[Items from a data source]
================

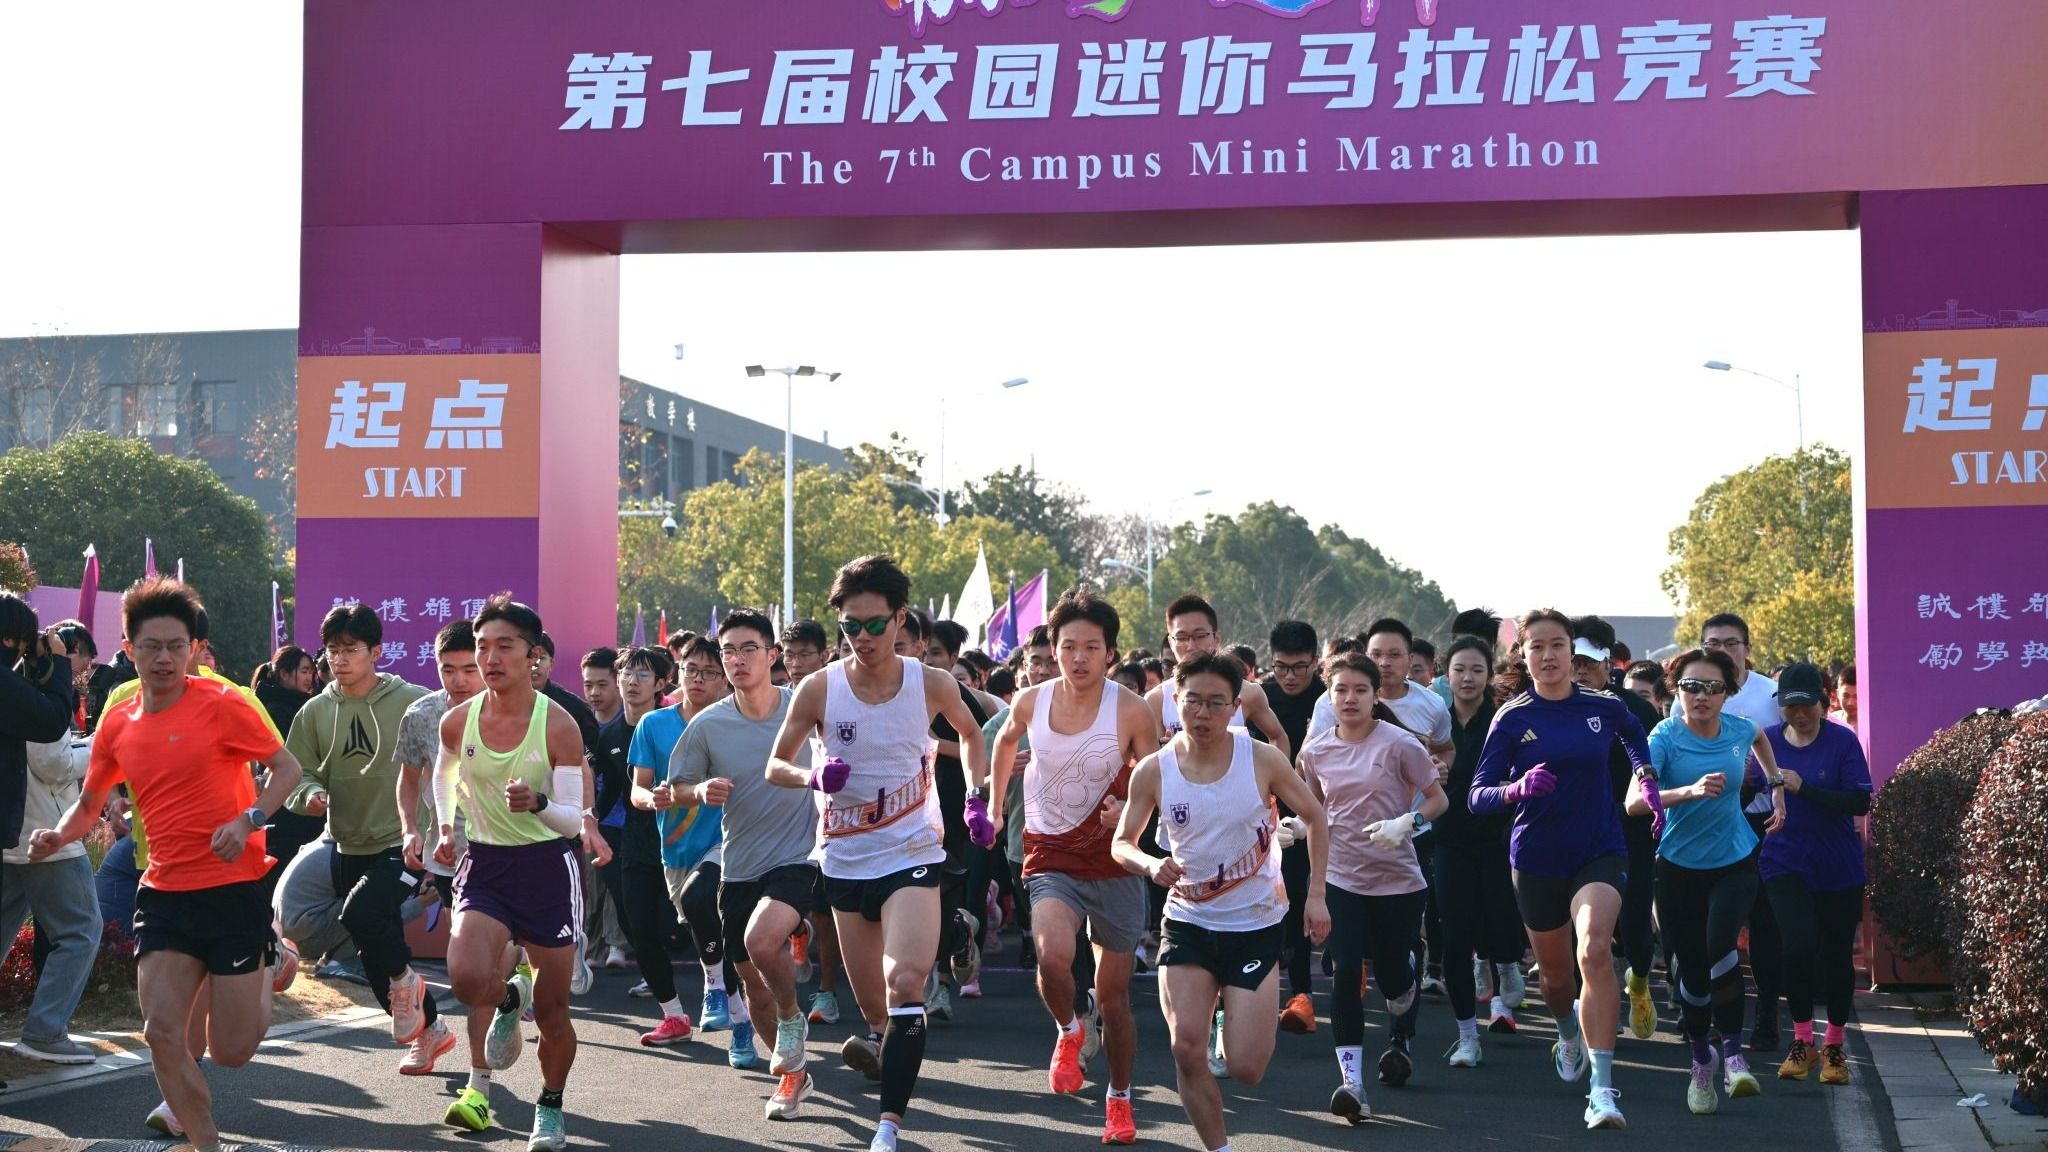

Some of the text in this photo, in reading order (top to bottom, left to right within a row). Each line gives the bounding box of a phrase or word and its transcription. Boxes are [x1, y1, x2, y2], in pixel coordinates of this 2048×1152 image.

[558, 15, 1826, 130] 第七届校园迷你马拉松竞赛
[764, 132, 1600, 189] The 7th Campus Mini Marathon
[324, 379, 509, 449] 起点
[362, 466, 468, 498] START

================

*WHAT TO DO:* Please print the entries above exactly. Skip every picture.

*EXERCISE SOLUTION:*
Some of the text in this photo, in reading order (top to bottom, left to right within a row). Each line gives the bounding box of a phrase or word and its transcription. Boxes are [x1, y1, x2, y2], in pixel coordinates of this 2048×1152 image.

[558, 15, 1826, 130] 第七届校园迷你马拉松竞赛
[764, 132, 1600, 189] The 7th Campus Mini Marathon
[324, 379, 509, 449] 起点
[362, 466, 468, 498] START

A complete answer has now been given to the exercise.